◆ The task
Output every record exactly, apart from its images.

[Image-backed grounding data]
================================

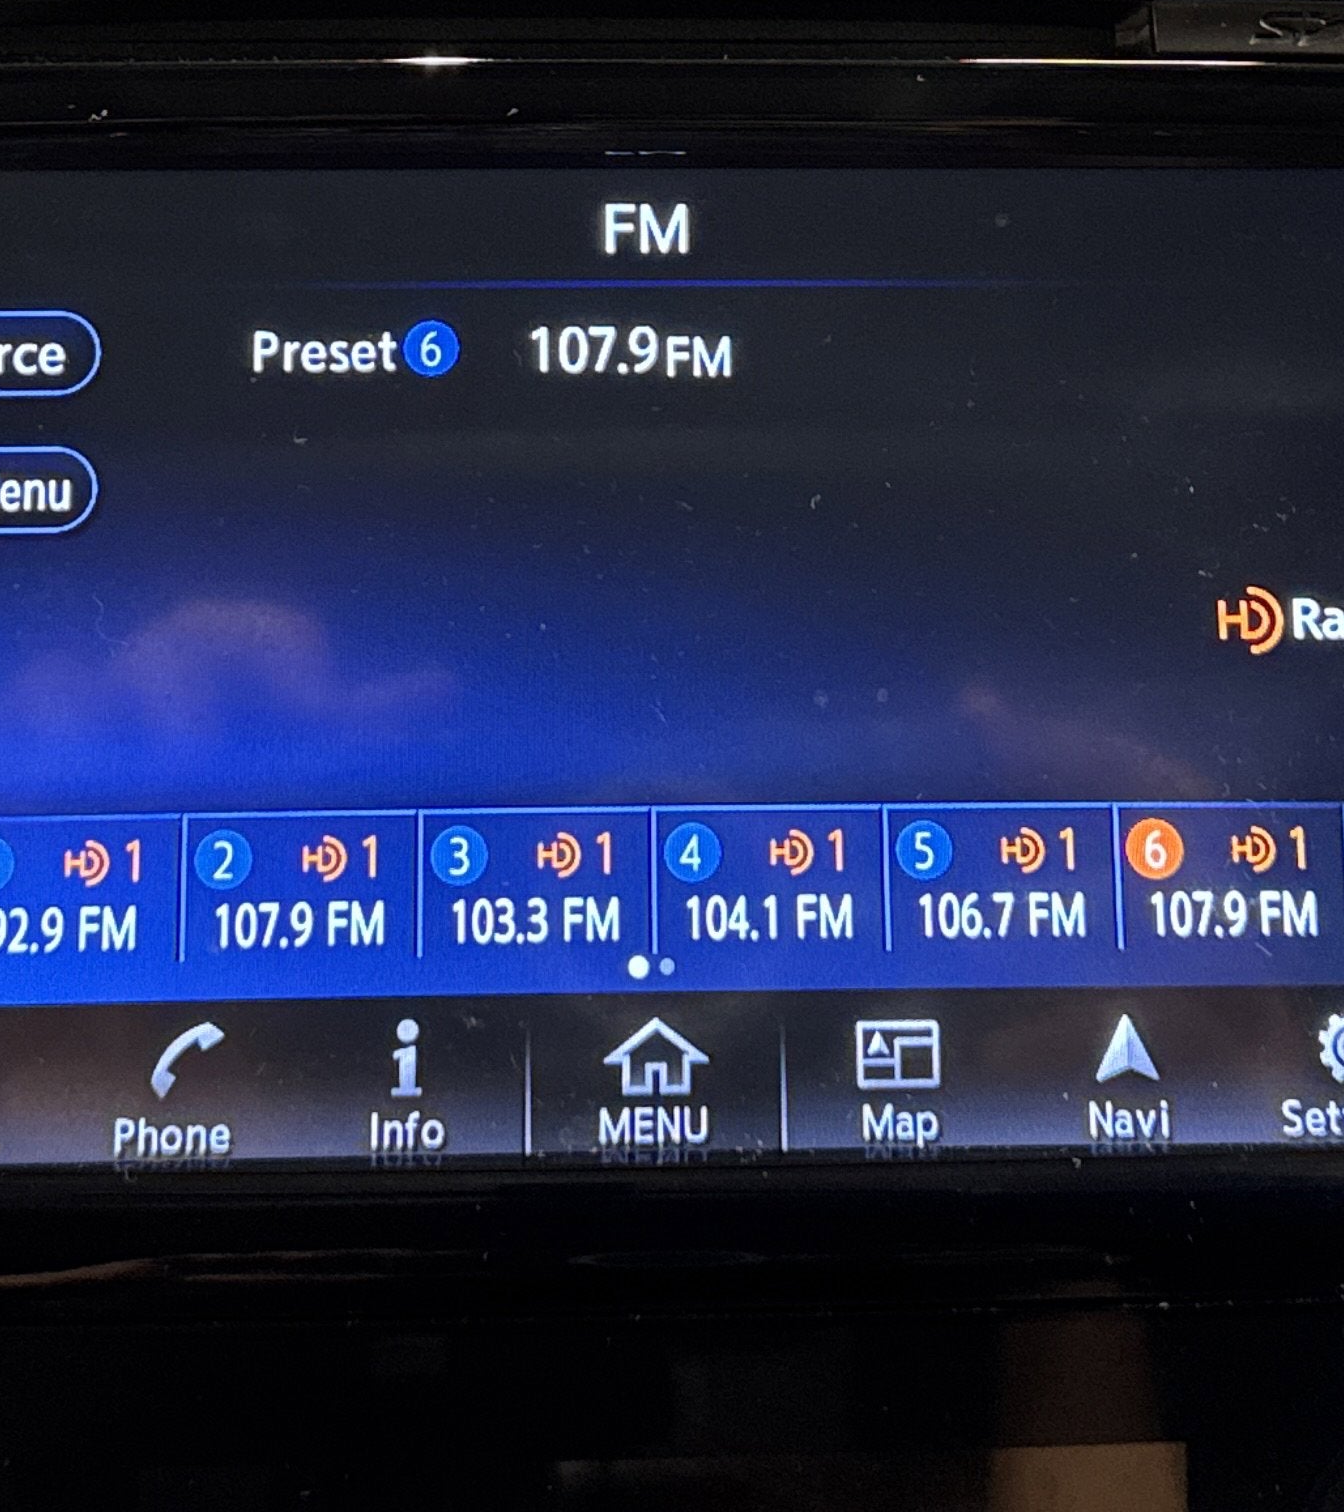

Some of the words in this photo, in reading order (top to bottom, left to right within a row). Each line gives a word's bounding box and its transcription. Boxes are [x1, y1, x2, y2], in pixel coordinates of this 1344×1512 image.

[604, 203, 690, 255] FM
[252, 330, 397, 373] Preset
[420, 331, 442, 367] 6
[125, 839, 141, 883] 1
[212, 839, 233, 880] 2
[362, 834, 377, 879] 1
[449, 836, 470, 876] 3
[596, 831, 611, 875] 1
[679, 833, 702, 871] 4
[827, 828, 844, 872] 1
[914, 831, 935, 871] 5
[1059, 826, 1075, 871] 1
[1143, 828, 1169, 870] 6
[1289, 825, 1307, 870] 1
[78, 905, 137, 952] FM
[215, 901, 314, 949] 107.9
[327, 899, 385, 947] FM
[452, 897, 549, 945] 103.3
[563, 896, 620, 943] FM
[686, 894, 778, 941] 104.1
[796, 893, 853, 940] FM
[918, 891, 1015, 939] 106.7
[1028, 891, 1086, 938] FM
[1150, 889, 1248, 939] 107.9
[1258, 889, 1318, 937] FM
[113, 1116, 231, 1156] Phone
[370, 1110, 445, 1151] Info
[598, 1105, 708, 1146] MENU
[862, 1102, 939, 1149] Map
[1088, 1099, 1170, 1139] Navi
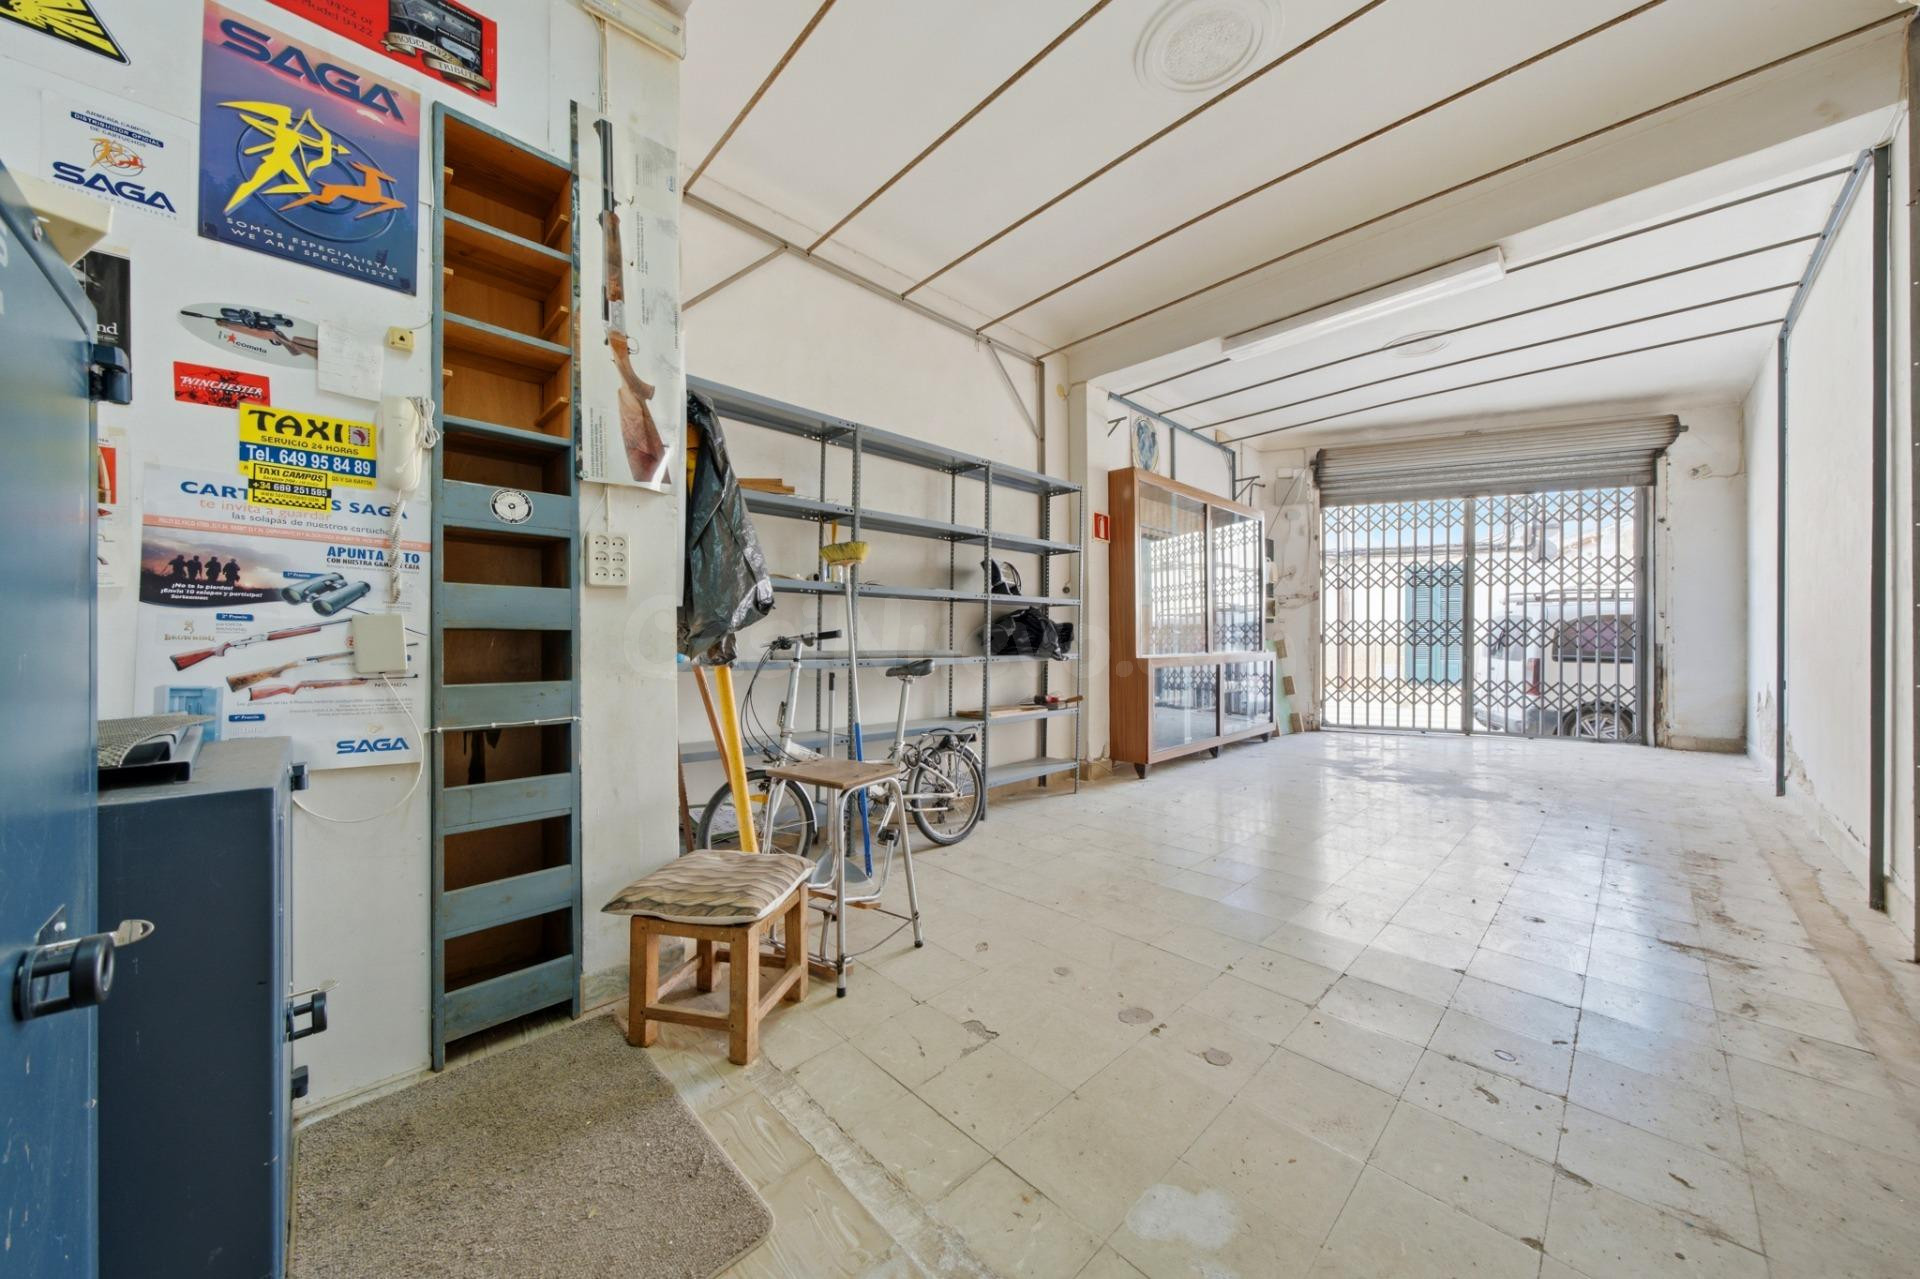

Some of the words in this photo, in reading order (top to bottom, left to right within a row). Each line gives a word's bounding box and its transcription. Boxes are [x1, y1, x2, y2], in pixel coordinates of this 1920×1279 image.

[390, 33, 426, 50] MODEL
[219, 19, 404, 121] SAGA
[438, 61, 481, 82] TRIBUTE
[74, 112, 130, 136] DISTRIBUIDOR
[131, 131, 162, 147] OFICIAL
[52, 161, 176, 213] SAGA
[226, 217, 284, 239] SOMOS
[291, 236, 398, 274] ESPECIALISTAS
[230, 227, 256, 240] WE
[265, 238, 295, 251] ARE
[303, 249, 394, 280] SPECIALISTS
[235, 340, 268, 355] cometa
[179, 375, 264, 397] WINCHESTER
[248, 410, 343, 443] TAXI
[260, 434, 309, 448] SERVICIO
[325, 444, 359, 455] HORAS
[246, 444, 274, 463] Tel.
[279, 449, 307, 467] 649
[311, 453, 329, 470] 95
[332, 456, 351, 473] 84
[354, 459, 371, 475] 89
[252, 481, 271, 490] +34
[258, 467, 280, 476] TAXI
[281, 469, 324, 483] CAMPOS
[349, 502, 408, 519] SAG
[232, 512, 246, 521] las
[249, 513, 287, 525] solapas
[290, 517, 303, 526] de
[306, 521, 348, 532] nuestros
[326, 546, 385, 561] APUNTA
[326, 557, 341, 565] CON
[336, 737, 410, 754] SAGA

================================

◆ Answer box
Some of the words in this photo, in reading order (top to bottom, left to right within a row). Each line gives a word's bounding box and its transcription. Boxes are [x1, y1, x2, y2], in pixel coordinates of this 1344×1512 image.

[604, 203, 690, 255] FM
[252, 330, 397, 373] Preset
[420, 331, 442, 367] 6
[125, 839, 141, 883] 1
[212, 839, 233, 880] 2
[362, 834, 377, 879] 1
[449, 836, 470, 876] 3
[596, 831, 611, 875] 1
[679, 833, 702, 871] 4
[827, 828, 844, 872] 1
[914, 831, 935, 871] 5
[1059, 826, 1075, 871] 1
[1143, 828, 1169, 870] 6
[1289, 825, 1307, 870] 1
[78, 905, 137, 952] FM
[215, 901, 314, 949] 107.9
[327, 899, 385, 947] FM
[452, 897, 549, 945] 103.3
[563, 896, 620, 943] FM
[686, 894, 778, 941] 104.1
[796, 893, 853, 940] FM
[918, 891, 1015, 939] 106.7
[1028, 891, 1086, 938] FM
[1150, 889, 1248, 939] 107.9
[1258, 889, 1318, 937] FM
[113, 1116, 231, 1156] Phone
[370, 1110, 445, 1151] Info
[598, 1105, 708, 1146] MENU
[862, 1102, 939, 1149] Map
[1088, 1099, 1170, 1139] Navi

Some of the words in this photo, in reading order (top to bottom, left to right within a row). Each line gives a word's bounding box and its transcription. Boxes are [x1, y1, x2, y2], in pixel coordinates of this 1920×1279 image.

[390, 33, 426, 50] MODEL
[219, 19, 404, 121] SAGA
[438, 61, 481, 82] TRIBUTE
[74, 112, 130, 136] DISTRIBUIDOR
[131, 131, 162, 147] OFICIAL
[52, 161, 176, 213] SAGA
[226, 217, 284, 239] SOMOS
[291, 236, 398, 274] ESPECIALISTAS
[230, 227, 256, 240] WE
[265, 238, 295, 251] ARE
[303, 249, 394, 280] SPECIALISTS
[235, 340, 268, 355] cometa
[179, 375, 264, 397] WINCHESTER
[248, 410, 343, 443] TAXI
[260, 434, 309, 448] SERVICIO
[325, 444, 359, 455] HORAS
[246, 444, 274, 463] Tel.
[279, 449, 307, 467] 649
[311, 453, 329, 470] 95
[332, 456, 351, 473] 84
[354, 459, 371, 475] 89
[252, 481, 271, 490] +34
[258, 467, 280, 476] TAXI
[281, 469, 324, 483] CAMPOS
[349, 502, 408, 519] SAG
[232, 512, 246, 521] las
[249, 513, 287, 525] solapas
[290, 517, 303, 526] de
[306, 521, 348, 532] nuestros
[326, 546, 385, 561] APUNTA
[326, 557, 341, 565] CON
[336, 737, 410, 754] SAGA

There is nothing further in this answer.